Goldblog interviewed Obama in anticipation of Netanyahu’s visit to the White House today:
In an hourlong interview Thursday in the Oval Office, Obama, borrowing from the Jewish sage Rabbi Hillel, told me that his message to Netanyahu will be this: “If not now, when? And if not you, Mr. Prime Minister, then who?” He then took a sharper tone, saying that if Netanyahu “does not believe that a peace deal with the Palestinians is the right thing to do for Israel, then he needs to articulate an alternative approach.” He added, “It’s hard to come up with one that’s plausible.” …
Obama was blunter about Israel’s future than I’ve ever heard him.

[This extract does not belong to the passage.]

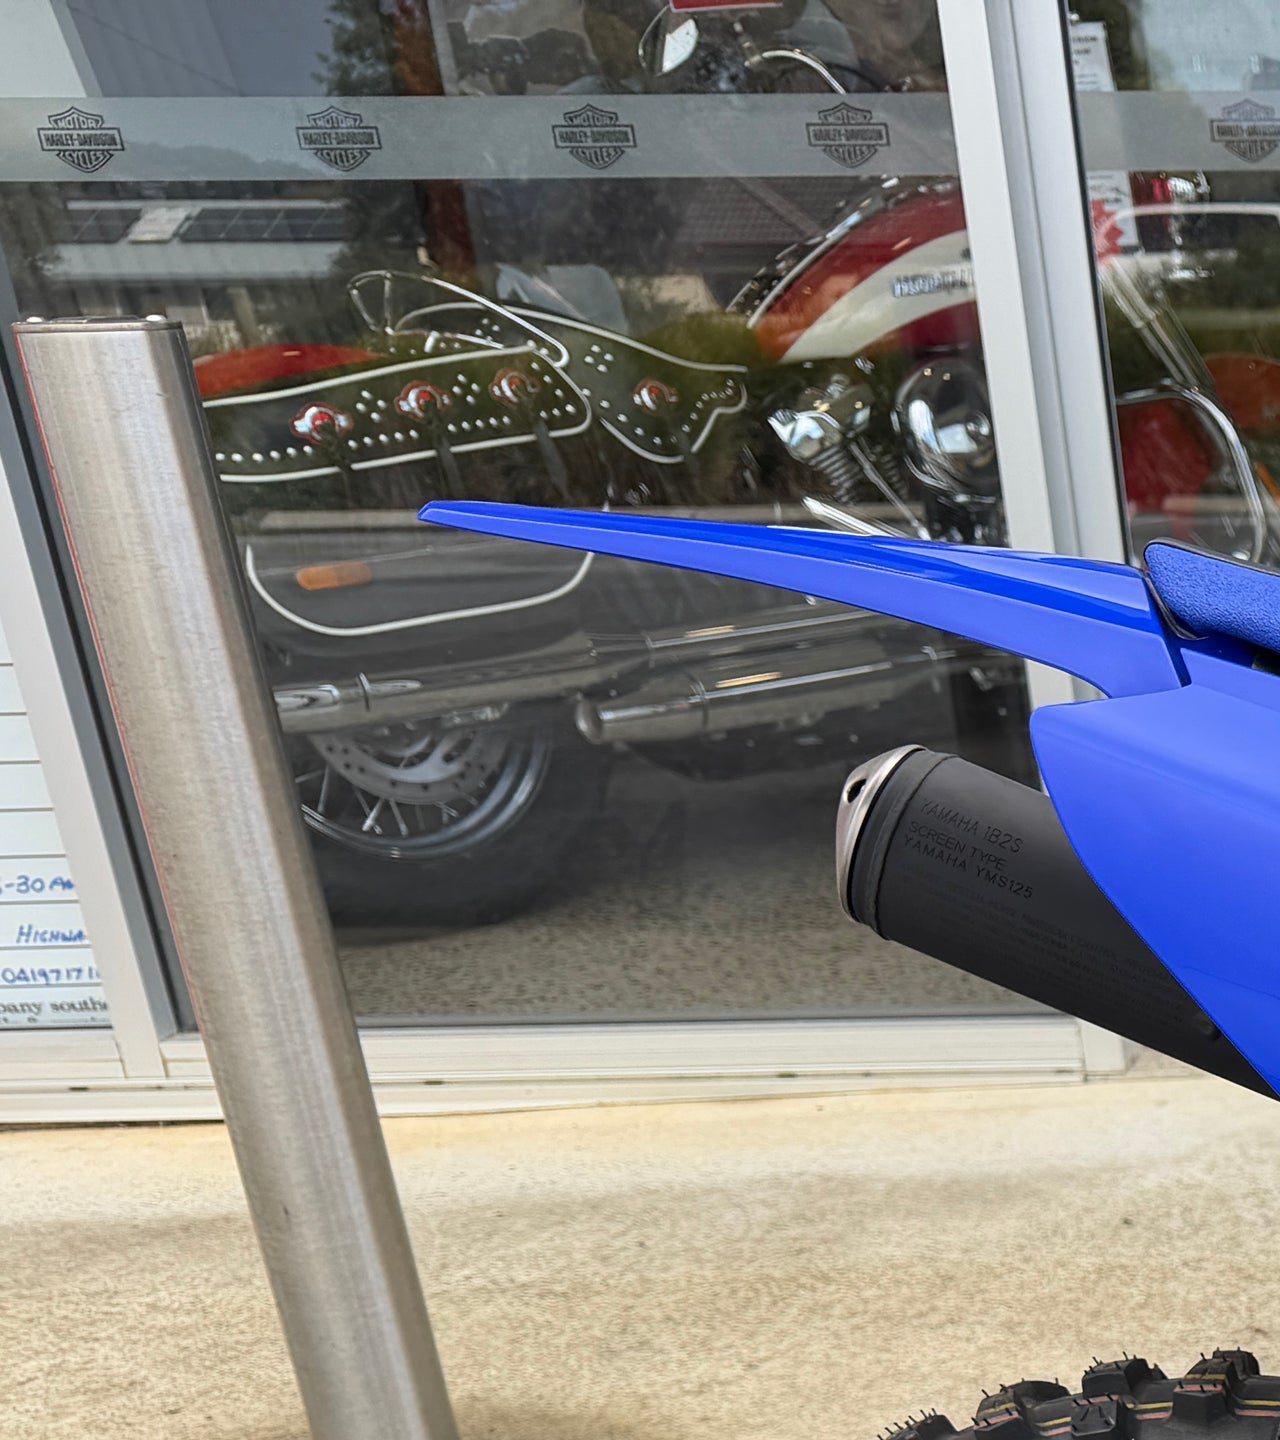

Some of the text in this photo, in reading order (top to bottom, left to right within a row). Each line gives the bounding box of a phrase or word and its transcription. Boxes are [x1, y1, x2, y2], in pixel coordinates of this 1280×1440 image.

His language was striking, but of a piece with observations made in recent months by his secretary of state, John Kerry, who until this interview, had taken the lead in pressuring both Netanyahu and the Palestinian leader, Mahmoud Abbas, to agree to a framework deal. Obama made it clear that he views Abbas as the most politically moderate leader the Palestinians may ever have. It seemed obvious to me that the president believes that the next move is Netanyahu’s.
Marc Tracy’s takeaway:
What most struck me about the interview is the way Obama speaks of Israel’s interests and the end of the settlements as though he were a typical American Jewish “liberal Zionist”—an Israel supporter, a settlements opponent, constantly trying to calibrate his mind and his heart (or his kishke)—kibitzing on some progressive listserv. “I have not yet heard, however, a persuasive vision of how Israel survives as a democracy and a Jewish state at peace with its neighbors in the absence of a peace deal with the Palestinians and a two-state solution,” he said. “Nobody has presented me a credible scenario.”
David Horovitz thinks the interview illustrated Obama’s lack of faith in Netanyahu:
Since even before he became president, Obama has made plain his conviction that Israel’s settlement enterprise is profoundly counterproductive for the Jewish state. Many Israelis share this belief. That Obama chose to highlight his concern in such ominous and pointed terms, going so far as to warn that it would become harder in the future for the US to protect Israel from the consequences of its misguided West Bank building, would suggest that he has all but despaired of Netanyahu’s willingness to rein in construction. Otherwise, surely, he would have held his fire, and first consulted face-to-face with the prime minister.
For one thing is certain, the president’s resort to a newspaper interview on the eve of their talks to issue near-apocalyptic warnings about the disaster Netanyahu risks bringing upon Israel is just about the last thing likely to bolster the prime minister’s confidence in their alliance, and just about the last thing likely to encourage Netanyahu to further alienate his hawkish home base by taking steps such as halting building outside the settlement blocs.